Reading on the web the new Facebook Messenger’s Bots reviews I confirmed my idea: human language is still too complex to understand by any kind of Artificial Intelligence (AI). Read “I Tried Shopping on Facebook Messenger. It Didn’t Go Well” by Lukas Thoms and “Facebook’s grand plan to simplify your life is off to a rough start” by Alex Heath.

So please, stop dreaming about a J.A.R.V.I.S.-like Bot. AI will never be like a personal assistant that knows everything about you, that understands the environment, your feelings and your needs. AI assistant will be for ever a digital system that gives complex and nice outputs just because someone coded all kind of linguistic inputs that a human can produce; this kind of assistant will never really understand what’s happening. The most advanced AI possible is the one that has the biggest relational and semantic database tested (manually!) by real operators (read “The Humans Hiding Behind the Chatbots” by Ellen Huet).
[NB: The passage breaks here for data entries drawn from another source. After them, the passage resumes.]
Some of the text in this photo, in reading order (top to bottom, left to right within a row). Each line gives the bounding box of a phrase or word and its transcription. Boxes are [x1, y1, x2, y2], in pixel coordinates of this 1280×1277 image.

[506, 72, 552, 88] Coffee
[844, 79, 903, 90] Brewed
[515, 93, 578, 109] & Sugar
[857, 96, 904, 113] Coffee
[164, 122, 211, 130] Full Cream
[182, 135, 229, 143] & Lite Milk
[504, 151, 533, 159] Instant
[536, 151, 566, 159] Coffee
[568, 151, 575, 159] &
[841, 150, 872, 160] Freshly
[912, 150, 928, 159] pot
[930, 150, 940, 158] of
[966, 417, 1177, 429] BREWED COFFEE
Natural language isn’t the key

Machines that understand some plain language commands and that can anticipate some users needs are possible, but computers that are able to understand all kind of phrases that a human pronounces, sorry, but aren’t near to come.

Like everybody us today can understand icons on expensive glass-plates called smartphone, in the same way we must create a simplified language for communicating and using Bots.
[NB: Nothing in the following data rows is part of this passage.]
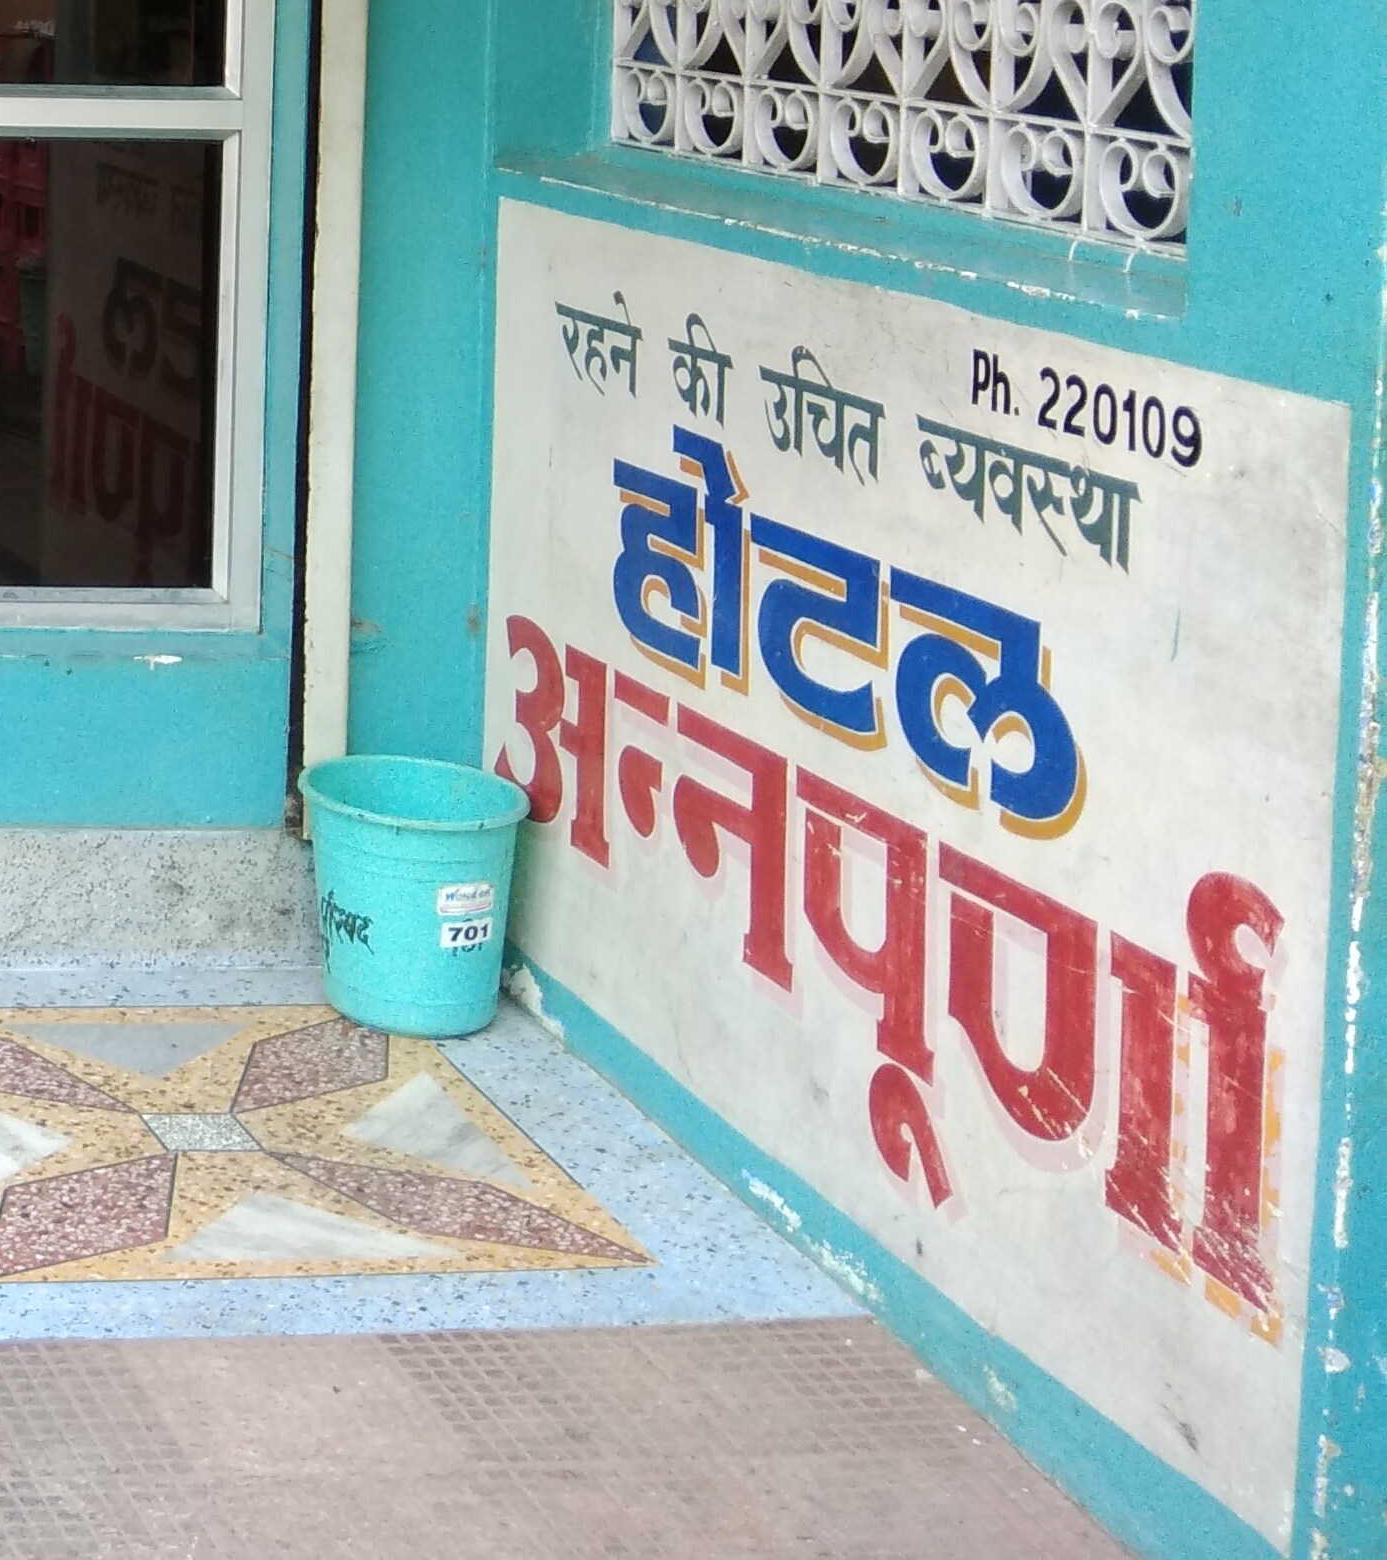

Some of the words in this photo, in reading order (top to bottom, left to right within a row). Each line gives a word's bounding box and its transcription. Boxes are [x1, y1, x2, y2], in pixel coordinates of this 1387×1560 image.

[554, 291, 642, 397] रहने
[667, 312, 732, 428] की
[759, 345, 885, 485] उचित
[971, 348, 1020, 416] Ph.
[1037, 366, 1203, 467] 220109
[612, 424, 1088, 840] होटल
[448, 923, 488, 942] 701
[494, 614, 1285, 1320] अन्नपूर्णा
For me nobody wants to lose his time talking with a Bot even if companies would love the idea that millions of virtual and assertive sales people talk 24h/7 with customers. Instead, the most amazing feature of the Bots AI isn’t their humanity, but the fact that users can treat them without any courtesy, that they will memorize users tastes and credentials, that they will anticipate users needs thanks to some “natural language” commands and some Facebook profile analysis. 

All this doesn’t mean that companies shouldn’t care about language per se, but that they should drive users to use a simplified language for the following reasons:

  • a simple language is easier to explain in a sort of tutorial during the first chats
  • a simple language is faster and more efficient than the natural one. If the number of taps for receiving an information on a chat is a way more than searching it on a website, the chatbot is going to fail
  • creating a sort of standard simplified language for all the Bots will ease exponentially their usage.

The users fruition model will be like the one that today drives sites like Yahoo Answers, Quora or the common FAQs pages where contents are organized and required using the “How to…” and “What is…” format.